- TASK GOAL
Copy the data precisely, keeping every character.

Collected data
>>

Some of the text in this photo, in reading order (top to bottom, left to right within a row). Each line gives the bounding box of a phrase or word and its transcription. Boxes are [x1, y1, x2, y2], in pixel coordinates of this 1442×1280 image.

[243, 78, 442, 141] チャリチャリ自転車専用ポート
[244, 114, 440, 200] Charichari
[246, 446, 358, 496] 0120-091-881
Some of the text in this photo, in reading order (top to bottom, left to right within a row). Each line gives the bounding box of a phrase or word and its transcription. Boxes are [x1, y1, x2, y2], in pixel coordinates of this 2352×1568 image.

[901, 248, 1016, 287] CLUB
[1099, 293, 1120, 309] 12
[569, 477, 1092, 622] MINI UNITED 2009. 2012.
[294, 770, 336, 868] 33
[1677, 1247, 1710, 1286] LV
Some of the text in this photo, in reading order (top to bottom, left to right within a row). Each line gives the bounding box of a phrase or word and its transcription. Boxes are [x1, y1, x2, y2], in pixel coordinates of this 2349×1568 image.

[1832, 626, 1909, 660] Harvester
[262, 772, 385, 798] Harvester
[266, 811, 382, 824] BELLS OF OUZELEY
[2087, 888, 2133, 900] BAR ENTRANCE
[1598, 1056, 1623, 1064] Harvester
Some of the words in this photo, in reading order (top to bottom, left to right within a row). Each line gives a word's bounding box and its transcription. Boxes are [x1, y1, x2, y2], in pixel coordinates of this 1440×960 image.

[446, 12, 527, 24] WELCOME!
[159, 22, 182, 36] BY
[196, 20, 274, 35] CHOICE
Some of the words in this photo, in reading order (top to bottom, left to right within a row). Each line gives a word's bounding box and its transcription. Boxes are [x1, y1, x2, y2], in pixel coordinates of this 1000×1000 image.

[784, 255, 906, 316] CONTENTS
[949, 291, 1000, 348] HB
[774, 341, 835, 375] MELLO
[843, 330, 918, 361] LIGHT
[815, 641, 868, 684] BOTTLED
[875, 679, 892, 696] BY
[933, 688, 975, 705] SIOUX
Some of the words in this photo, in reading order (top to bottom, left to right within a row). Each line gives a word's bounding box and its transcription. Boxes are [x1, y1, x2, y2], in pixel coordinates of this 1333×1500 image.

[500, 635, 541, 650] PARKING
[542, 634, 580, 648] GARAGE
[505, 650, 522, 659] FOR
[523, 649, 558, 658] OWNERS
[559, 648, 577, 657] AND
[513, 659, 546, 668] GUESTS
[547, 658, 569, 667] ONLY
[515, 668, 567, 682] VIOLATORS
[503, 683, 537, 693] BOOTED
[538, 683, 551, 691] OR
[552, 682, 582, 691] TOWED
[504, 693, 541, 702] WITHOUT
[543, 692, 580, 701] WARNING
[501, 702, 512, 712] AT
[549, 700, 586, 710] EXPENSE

<<

- SOLVED PROBLEM
Some of the text in this photo, in reading order (top to bottom, left to right within a row). Each line gives the bounding box of a phrase or word and its transcription. Boxes are [x1, y1, x2, y2], in pixel coordinates of this 1442×1280 image.

[243, 78, 442, 141] チャリチャリ自転車専用ポート
[244, 114, 440, 200] Charichari
[246, 446, 358, 496] 0120-091-881
Some of the text in this photo, in reading order (top to bottom, left to right within a row). Each line gives the bounding box of a phrase or word and its transcription. Boxes are [x1, y1, x2, y2], in pixel coordinates of this 2352×1568 image.

[901, 248, 1016, 287] CLUB
[1099, 293, 1120, 309] 12
[569, 477, 1092, 622] MINI UNITED 2009. 2012.
[294, 770, 336, 868] 33
[1677, 1247, 1710, 1286] LV
Some of the text in this photo, in reading order (top to bottom, left to right within a row). Each line gives the bounding box of a phrase or word and its transcription. Boxes are [x1, y1, x2, y2], in pixel coordinates of this 2349×1568 image.

[1832, 626, 1909, 660] Harvester
[262, 772, 385, 798] Harvester
[266, 811, 382, 824] BELLS OF OUZELEY
[2087, 888, 2133, 900] BAR ENTRANCE
[1598, 1056, 1623, 1064] Harvester
Some of the words in this photo, in reading order (top to bottom, left to right within a row). Each line gives a word's bounding box and its transcription. Boxes are [x1, y1, x2, y2], in pixel coordinates of this 1440×960 image.

[446, 12, 527, 24] WELCOME!
[159, 22, 182, 36] BY
[196, 20, 274, 35] CHOICE
Some of the words in this photo, in reading order (top to bottom, left to right within a row). Each line gives a word's bounding box and its transcription. Boxes are [x1, y1, x2, y2], in pixel coordinates of this 1000×1000 image.

[784, 255, 906, 316] CONTENTS
[949, 291, 1000, 348] HB
[774, 341, 835, 375] MELLO
[843, 330, 918, 361] LIGHT
[815, 641, 868, 684] BOTTLED
[875, 679, 892, 696] BY
[933, 688, 975, 705] SIOUX
Some of the words in this photo, in reading order (top to bottom, left to right within a row). Each line gives a word's bounding box and its transcription. Boxes are [x1, y1, x2, y2], in pixel coordinates of this 1333×1500 image.

[500, 635, 541, 650] PARKING
[542, 634, 580, 648] GARAGE
[505, 650, 522, 659] FOR
[523, 649, 558, 658] OWNERS
[559, 648, 577, 657] AND
[513, 659, 546, 668] GUESTS
[547, 658, 569, 667] ONLY
[515, 668, 567, 682] VIOLATORS
[503, 683, 537, 693] BOOTED
[538, 683, 551, 691] OR
[552, 682, 582, 691] TOWED
[504, 693, 541, 702] WITHOUT
[543, 692, 580, 701] WARNING
[501, 702, 512, 712] AT
[549, 700, 586, 710] EXPENSE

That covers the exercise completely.